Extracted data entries
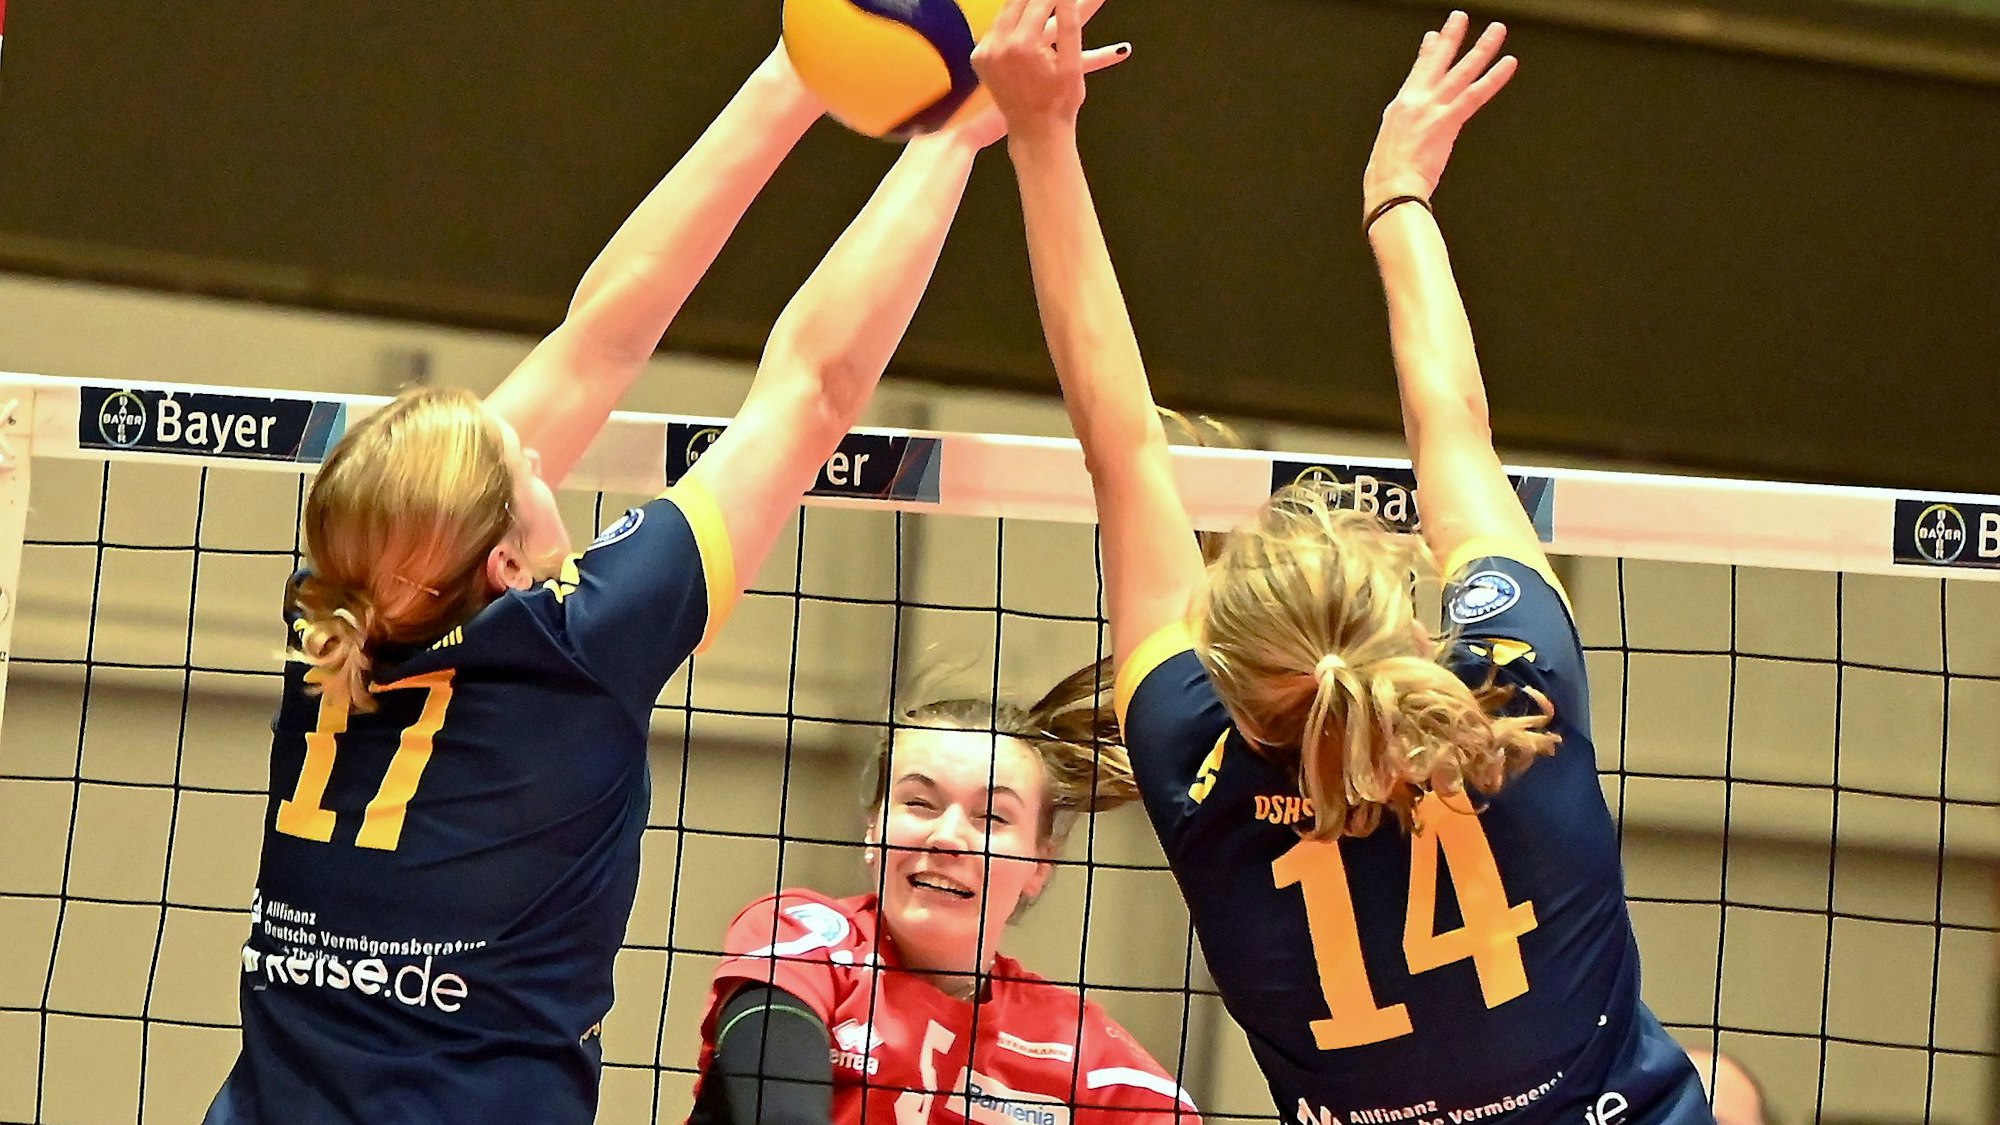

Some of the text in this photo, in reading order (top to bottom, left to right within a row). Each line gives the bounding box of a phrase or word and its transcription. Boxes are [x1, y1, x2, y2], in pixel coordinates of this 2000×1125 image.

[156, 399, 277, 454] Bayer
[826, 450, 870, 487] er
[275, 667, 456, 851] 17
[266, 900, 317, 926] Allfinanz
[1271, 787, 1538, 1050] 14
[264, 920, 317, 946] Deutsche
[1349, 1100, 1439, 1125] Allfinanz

### [Problem description]
For this exercise, transcribe the data exactly but without its pictures.

### [Exercise output]
Some of the text in this photo, in reading order (top to bottom, left to right within a row). Each line gives the bounding box of a phrase or word and its transcription. Boxes are [x1, y1, x2, y2], in pixel coordinates of this 2000×1125 image.

[156, 399, 277, 454] Bayer
[826, 450, 870, 487] er
[275, 667, 456, 851] 17
[266, 900, 317, 926] Allfinanz
[1271, 787, 1538, 1050] 14
[264, 920, 317, 946] Deutsche
[1349, 1100, 1439, 1125] Allfinanz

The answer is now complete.